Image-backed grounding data
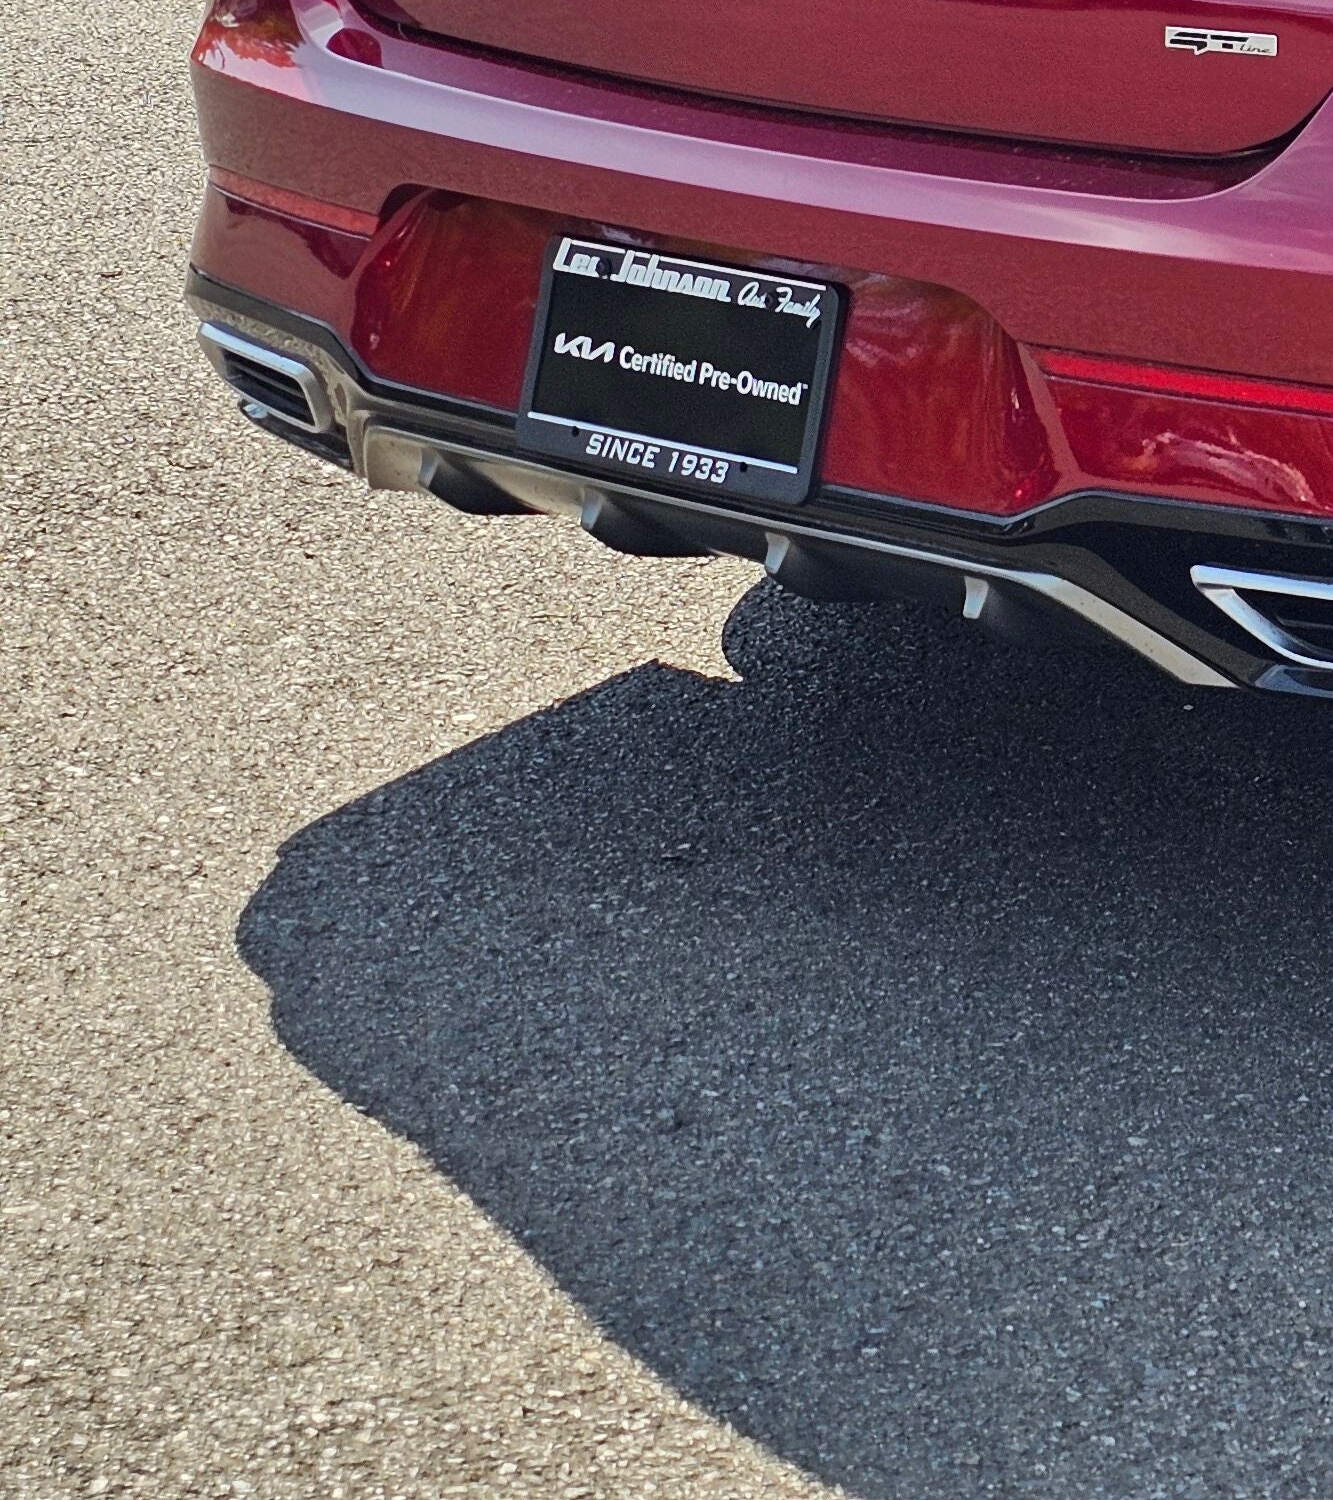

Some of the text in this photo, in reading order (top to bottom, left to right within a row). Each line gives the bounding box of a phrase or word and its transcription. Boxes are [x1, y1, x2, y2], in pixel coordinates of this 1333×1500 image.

[610, 249, 731, 303] Johnson
[553, 332, 616, 363] KIA
[619, 345, 698, 383] Certified
[585, 433, 730, 484] SINCE 1933

PROBLEM REQUIREMENTS:
Return all the records exactly. Skip the pictures.

EXPECTED OUTPUT:
Some of the text in this photo, in reading order (top to bottom, left to right within a row). Each line gives the bounding box of a phrase or word and its transcription. Boxes are [x1, y1, x2, y2], in pixel coordinates of this 1333×1500 image.

[610, 249, 731, 303] Johnson
[553, 332, 616, 363] KIA
[619, 345, 698, 383] Certified
[585, 433, 730, 484] SINCE 1933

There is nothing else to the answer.